== Segment start ==

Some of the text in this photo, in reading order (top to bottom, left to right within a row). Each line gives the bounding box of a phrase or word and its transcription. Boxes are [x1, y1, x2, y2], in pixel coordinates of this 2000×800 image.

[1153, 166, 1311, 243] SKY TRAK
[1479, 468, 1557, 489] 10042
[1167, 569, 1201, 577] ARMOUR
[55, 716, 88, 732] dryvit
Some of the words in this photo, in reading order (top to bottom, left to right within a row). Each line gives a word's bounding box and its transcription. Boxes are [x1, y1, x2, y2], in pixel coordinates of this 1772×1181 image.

== Segment end ==
== Segment start ==

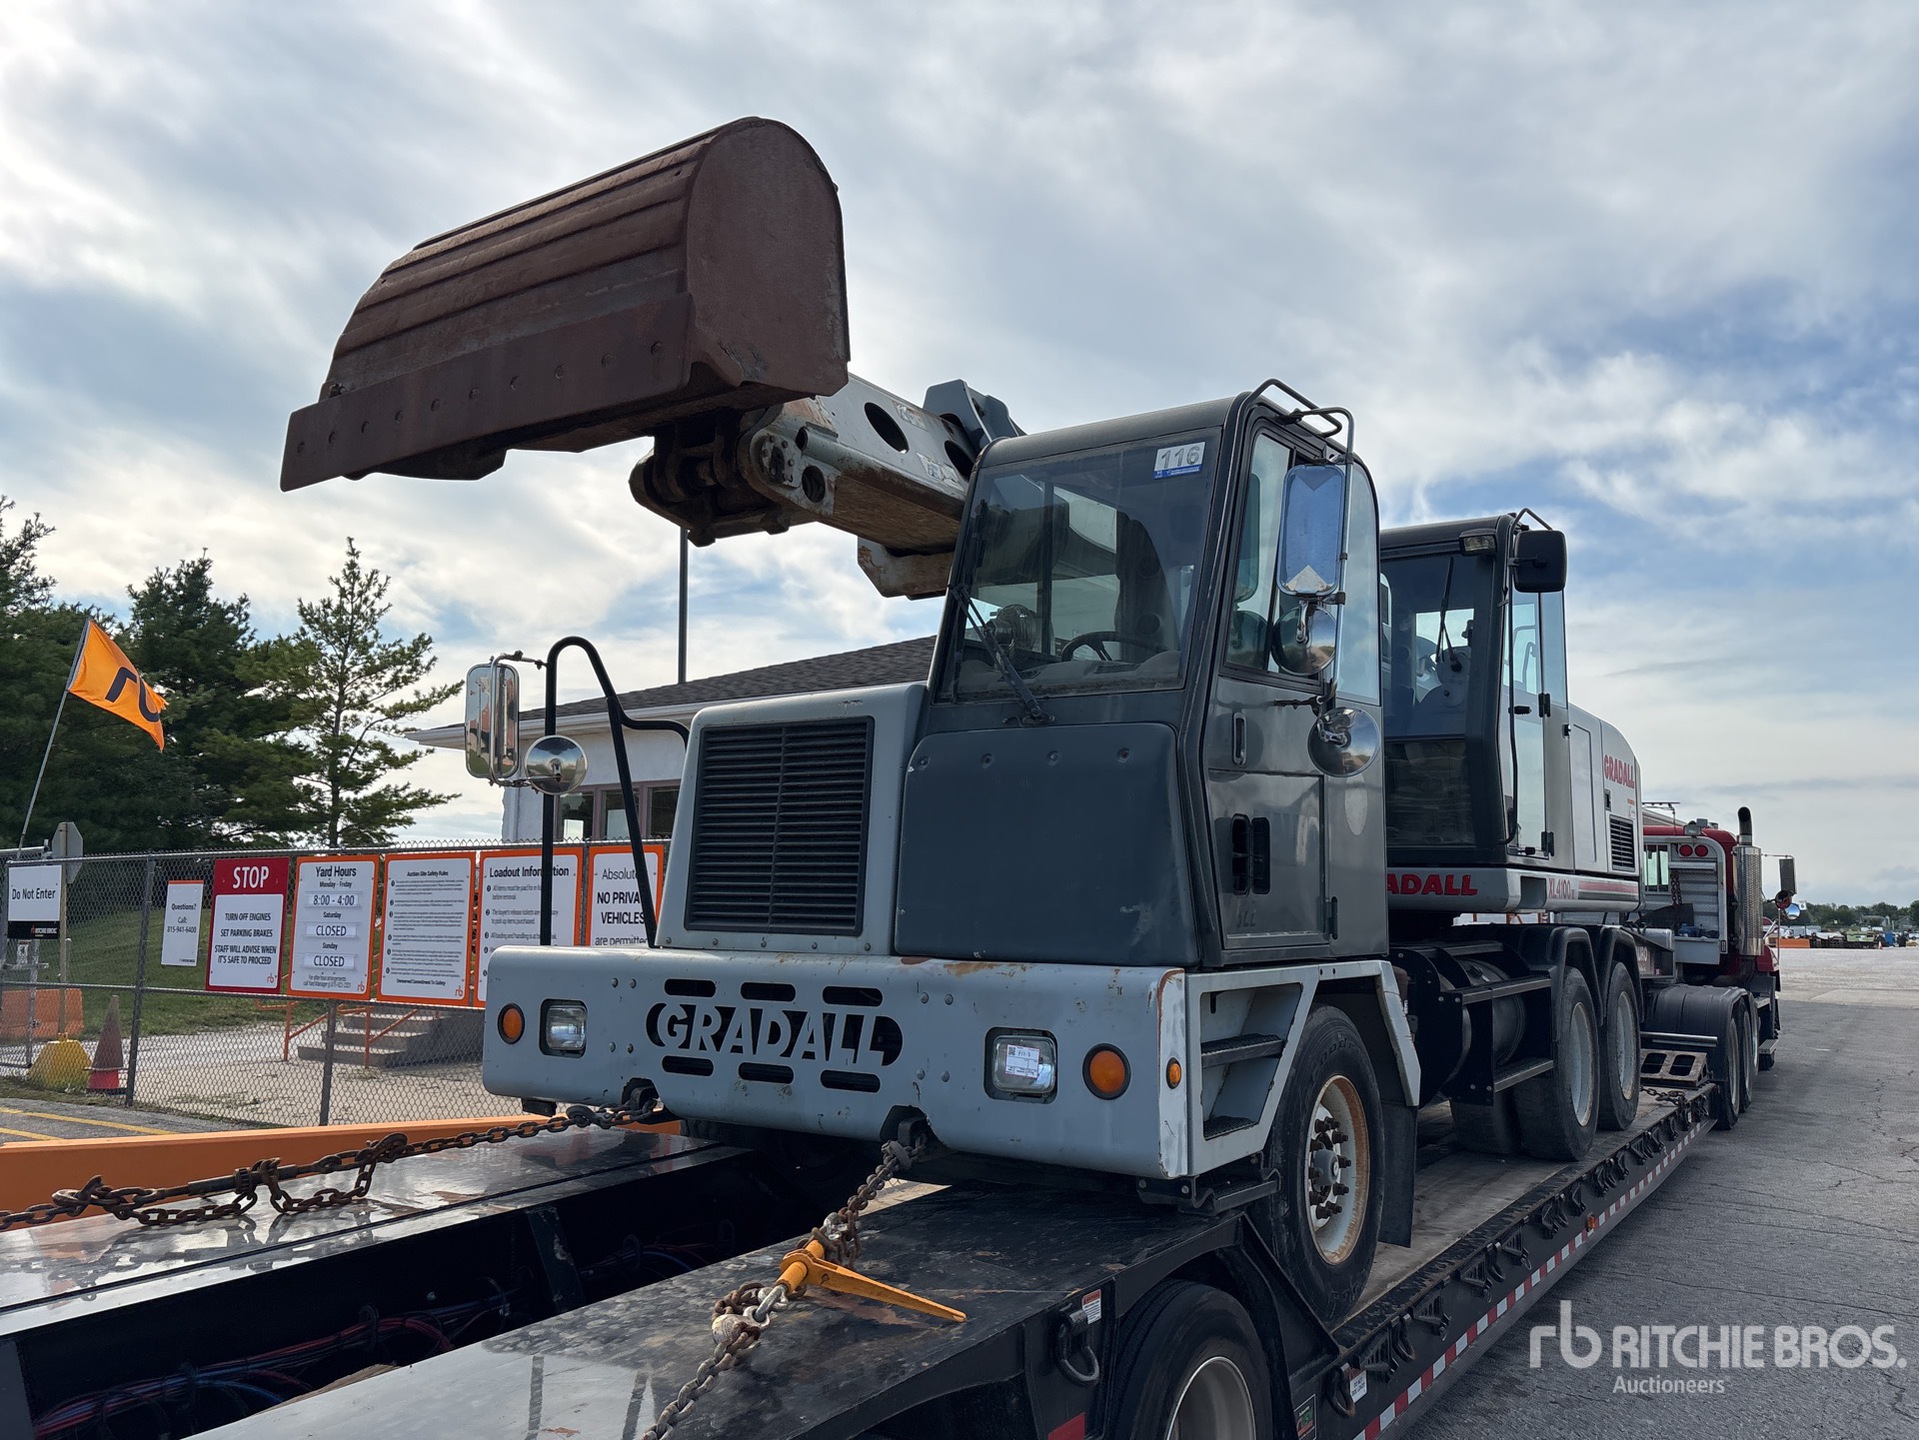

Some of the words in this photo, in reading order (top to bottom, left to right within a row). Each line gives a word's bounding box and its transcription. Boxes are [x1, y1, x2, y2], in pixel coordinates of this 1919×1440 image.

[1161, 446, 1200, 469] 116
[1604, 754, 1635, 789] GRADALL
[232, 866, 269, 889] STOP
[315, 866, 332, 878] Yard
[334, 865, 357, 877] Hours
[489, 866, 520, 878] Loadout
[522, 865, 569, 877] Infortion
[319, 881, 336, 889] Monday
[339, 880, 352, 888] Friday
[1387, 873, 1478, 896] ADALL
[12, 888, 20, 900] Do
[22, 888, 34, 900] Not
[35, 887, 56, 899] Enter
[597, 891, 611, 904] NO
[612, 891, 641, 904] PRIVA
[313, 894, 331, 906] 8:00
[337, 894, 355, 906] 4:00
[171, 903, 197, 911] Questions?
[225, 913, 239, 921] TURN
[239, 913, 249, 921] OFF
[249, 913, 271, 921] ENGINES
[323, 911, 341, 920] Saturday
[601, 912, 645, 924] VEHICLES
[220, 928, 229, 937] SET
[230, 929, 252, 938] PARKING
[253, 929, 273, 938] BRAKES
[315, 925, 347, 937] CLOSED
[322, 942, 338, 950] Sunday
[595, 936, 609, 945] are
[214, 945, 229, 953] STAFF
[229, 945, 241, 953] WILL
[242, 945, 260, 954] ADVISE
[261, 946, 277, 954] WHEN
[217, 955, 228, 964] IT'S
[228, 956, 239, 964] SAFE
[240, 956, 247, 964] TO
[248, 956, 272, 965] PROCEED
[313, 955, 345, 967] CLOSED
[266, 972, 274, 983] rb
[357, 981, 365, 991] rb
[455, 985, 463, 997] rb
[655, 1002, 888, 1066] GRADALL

== Segment end ==

From the data above, return every line from the line that has "Some of the text" up to and including the line that has "this 1772×1181 image.", exactly.

◆ Final answer ◆
Some of the text in this photo, in reading order (top to bottom, left to right within a row). Each line gives the bounding box of a phrase or word and its transcription. Boxes are [x1, y1, x2, y2], in pixel coordinates of this 2000×800 image.

[1153, 166, 1311, 243] SKY TRAK
[1479, 468, 1557, 489] 10042
[1167, 569, 1201, 577] ARMOUR
[55, 716, 88, 732] dryvit
Some of the words in this photo, in reading order (top to bottom, left to right within a row). Each line gives a word's bounding box and its transcription. Boxes are [x1, y1, x2, y2], in pixel coordinates of this 1772×1181 image.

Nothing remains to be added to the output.